Have just installed porcelain tile floor in our bathroom, adjacent to ceramic tile floor in hallway.  Need to install transition in doorway between the two types of tile. Rather than drill thru the tiles to install hardwood transition, could I use some type of adhesive to glue the hardwood to the tiles. Just afraid to drill thru the tiles and have one or more of them crack! Thought about using marble transition and mortaring it in, but the marble is too thick, and will probably cause someone to trip on it. Thanks for any advice anyone might have.


----------



## joecaption (May 2, 2011)

The threshold was suppost to be installed first then the tile is run up to the tile so there's less of a step.


----------



## oldognewtrick (May 3, 2011)

joecaption said:


> The threshold was suppost to be installed first then the tile is run up to the tile so there's less of a step.

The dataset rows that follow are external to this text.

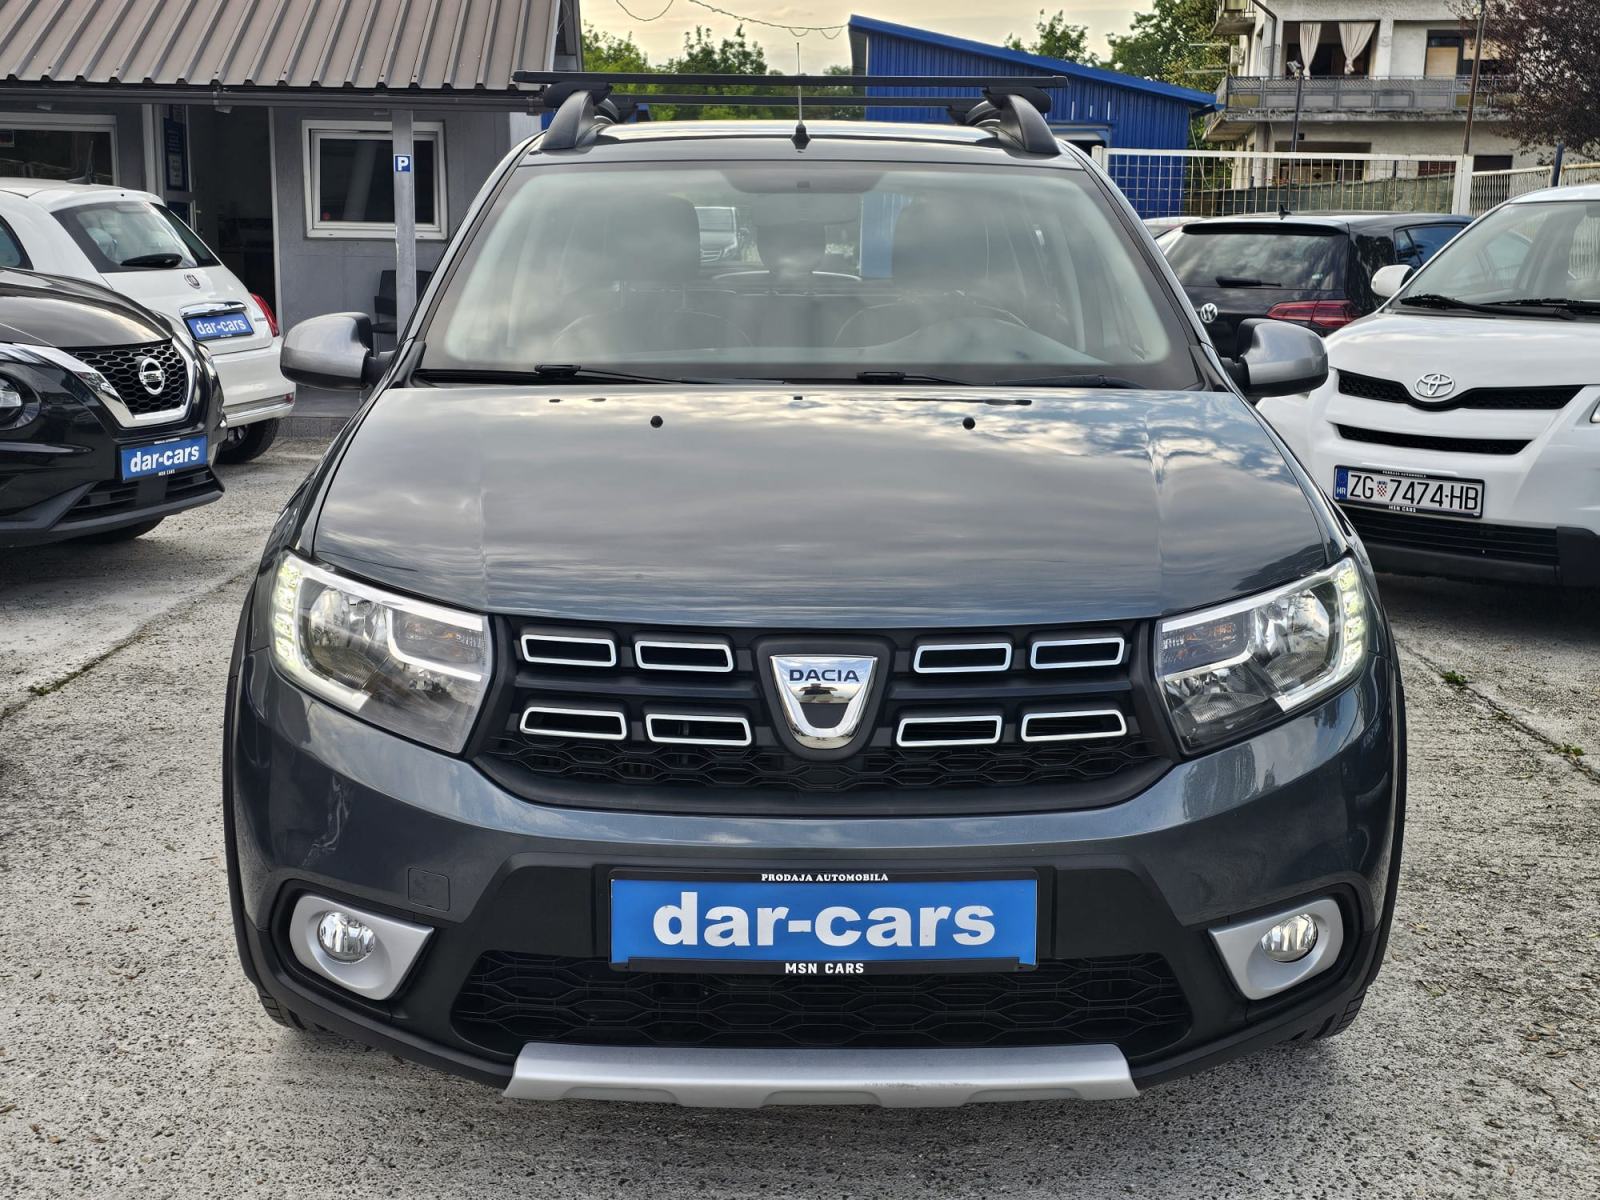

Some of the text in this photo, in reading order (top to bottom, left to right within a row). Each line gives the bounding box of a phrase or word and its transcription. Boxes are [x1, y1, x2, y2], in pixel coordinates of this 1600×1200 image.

[397, 156, 409, 171] P
[196, 320, 247, 335] dar-cars
[130, 445, 199, 473] dar-cars
[1350, 474, 1374, 500] ZG
[789, 669, 860, 682] DACIA
[761, 873, 889, 881] PRODAJA AUTOMOBILA
[653, 891, 995, 947] dar-cars
[785, 962, 864, 974] MSN CARS

Kinda reminds me of the ol' cart and horse thing, but what can he do to solve the issue now?


----------



## nealtw (May 3, 2011)

What is the height diff. and gap between.


----------



## coldny (May 9, 2011)

There is no height difference between the two tile floors, only a 3/4" gap between them which is filled with grout.  Would like to just cover the gap so it doesn't look so "cart before the horse".  As you can tell, we are new to this home remodeling thing.


----------



## CharlieO (May 9, 2011)

You can use all kinds of transitioin strips, wood, metal, plastic etc., which would be screwed down thru the gap so you don't risk breaking the tile.
You could even make one out af a nice piece of oak if you have a table saw and sander.


----------



## nealtw (May 10, 2011)

I would dig out the grout and put in some accent wall tile, you can get 1/2 " wide and put it in a little low so you really don't walk on it.


----------